No obstante, el nervio creativo del británico no se ha reducido a Portishead. En sus proyectos más recientes, se le ha visto produciendo el disco “Primary Colors”, de The Horrors, activando un proyecto experimental llamado Beak> y supervisando la música de “Exit Through The Gift Shop”, sensacional documental sobre el artista callejero Banksy. Pero su apuesta más personal es sin duda la formación del colectivo/ejército Quakers. Una fuerza rapper formada por 35 MCs de asalto y estructurada bajo supervisión del propio Barrow (utilizando aquí el alias Fuzzface) con la ayuda de dos productores afines: el australiano Katalyst y el ingeniero de sonido de Portishead, 7-Stu-7.

Aquí no hay concesiones.

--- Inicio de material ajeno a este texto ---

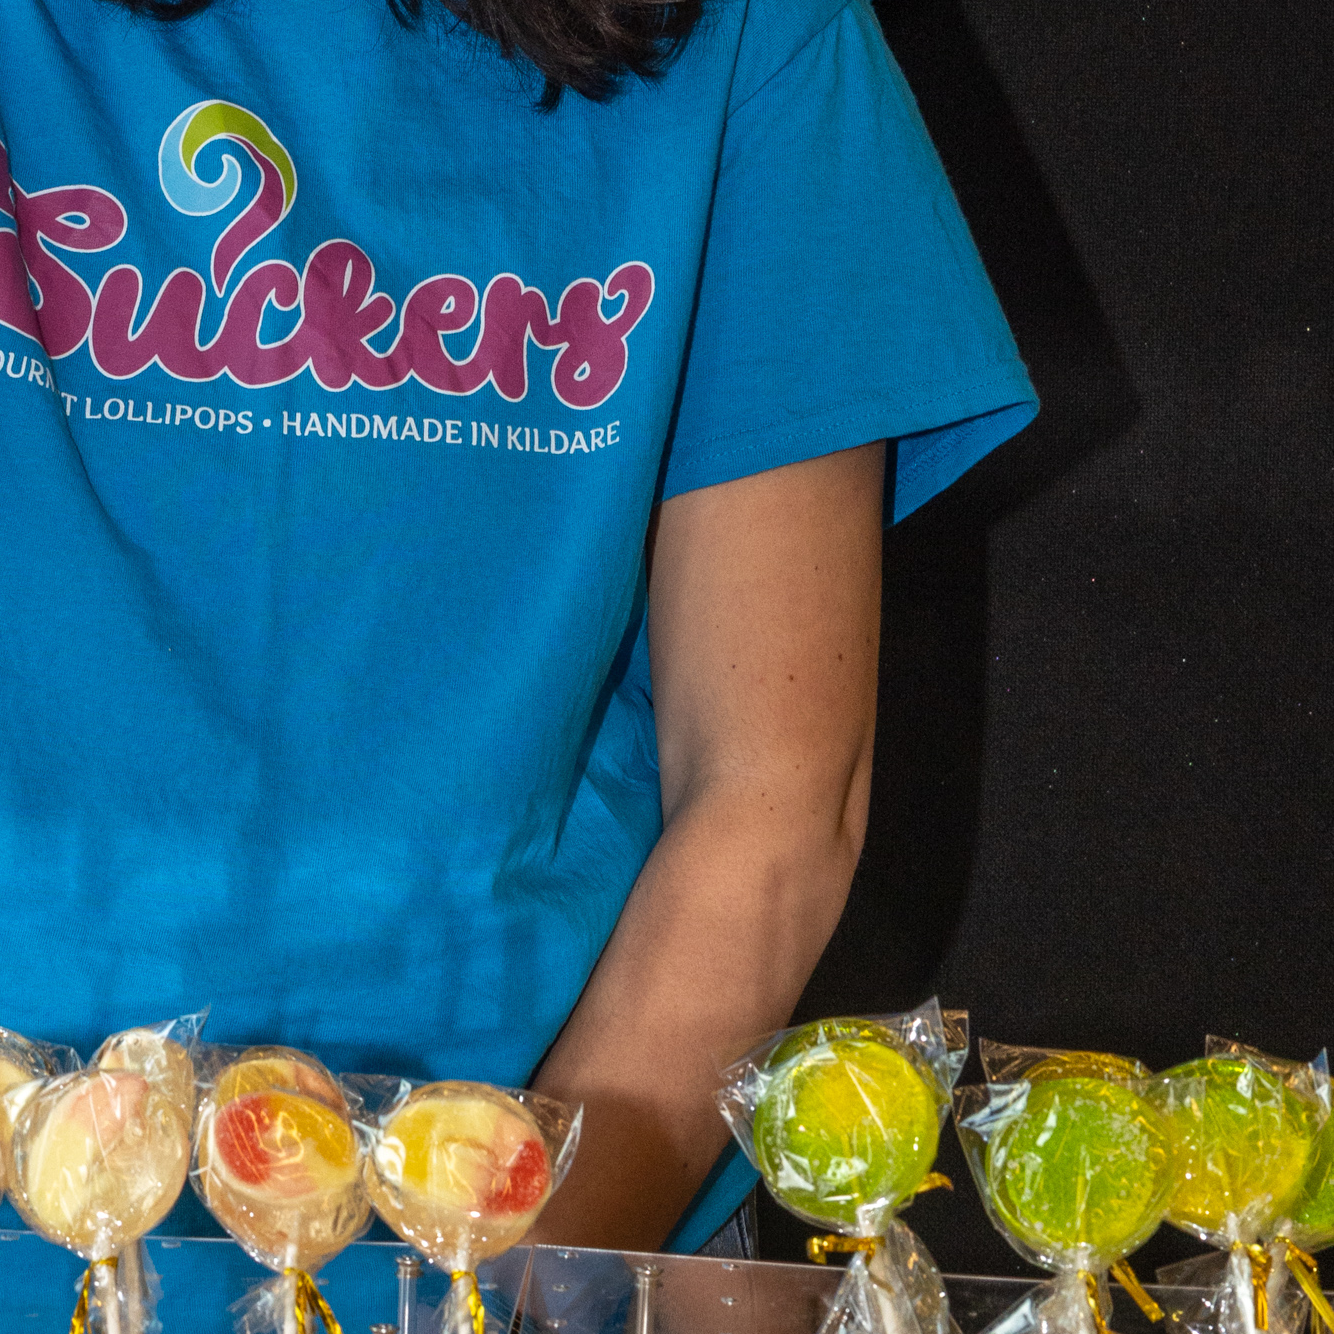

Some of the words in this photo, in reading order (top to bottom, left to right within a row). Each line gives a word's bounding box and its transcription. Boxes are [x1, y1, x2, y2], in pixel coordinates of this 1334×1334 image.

[85, 397, 254, 435] LOLLIPOPS
[281, 410, 463, 445] HANDMADE
[470, 421, 499, 448] IN
[506, 420, 621, 455] KILDARE

Quakers es una oda escrita entre tinieblas cannábicas que exalta el underground como el única arma para rebelarse contra la tiranía del rap-pop con sello MTV. Ellos mismos lo confirman en las hojas de prensa. Cansados de ver tanta purpurina y gafas de sol gigantes en el juego del hip hop, hartitos de aguantar a niñatos irrespetuosos que rapean con el esfínter, Barrow y compañía han reclutado a un batallón de rimadores que no se caracterizan precisamente por sus desmedidas ambiciones comerciales. MCs con los dientes manchados de sangre a los que ha tendido una alfombra de ritmos aplastantes y brumas de funk espectral, para que escupan a gusto y revindiquen la sabiduría de los Antiguos.

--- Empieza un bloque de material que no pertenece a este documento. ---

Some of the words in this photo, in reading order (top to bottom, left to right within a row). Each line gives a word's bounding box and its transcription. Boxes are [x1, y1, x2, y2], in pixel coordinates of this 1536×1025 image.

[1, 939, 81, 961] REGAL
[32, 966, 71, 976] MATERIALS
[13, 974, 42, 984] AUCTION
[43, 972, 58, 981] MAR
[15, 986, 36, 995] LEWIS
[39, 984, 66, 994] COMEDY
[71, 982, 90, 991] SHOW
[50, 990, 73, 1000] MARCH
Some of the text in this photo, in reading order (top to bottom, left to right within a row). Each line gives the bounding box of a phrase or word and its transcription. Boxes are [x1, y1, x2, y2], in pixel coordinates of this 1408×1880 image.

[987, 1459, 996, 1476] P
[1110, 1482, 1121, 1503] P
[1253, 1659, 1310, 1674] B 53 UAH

41 cortes, ni más ni menos, en un recorrido sembrado de piedras y serpientes que pone al día los postulados graníticos de los 90s. En este marasmo de beats imperecederos –avalados, por cierto, por Peanut Butter Wolf y el sello Stones Throw–, encontramos a Dead Prez ametrallando una base de soul a lo Portishead con proclamas en favor del realness – “Soul Power” es uno de los temas del año, hacedme caso–; encontramos a Aloe Blacc deslizando sus raps perezosos sobre una guitarra de blues que pone los pelos de punta; encontramos a Jonwayne reventando granos de pus sobre una base que podría haber firmado Alchemist en el 97; encontramos a Guilty Simpson rascando llagas sobre unas trompetas de guerra y unos claps intimidantes – “Fitta Happier”, otro banger del cagarse–; encontramos al gran Prince Po descomponiendo el micro sobre un base de boom bap que haría llorar a DJ Premier; encontramos a Akil, a Diverse, a Phat Kat, joder, y así hasta el fin del mundo. Es un disco rugoso, alimenticio, abundante e incorruptible a morir. Impresionado estoy, aunque sé que me voy a quedar sólo en esta guerra, que muchos me llamarán reaccionario, viejales, que no estoy a la moda, bla, bla, bla… Eso sí, resulta confortante que, de vez en cuando, cerebros tan privilegiados como el de Geoff Barrow te den la razón: el hip hop metrosexual, el rollito Duo, para las discotecas de Miami. Quakers para los headz.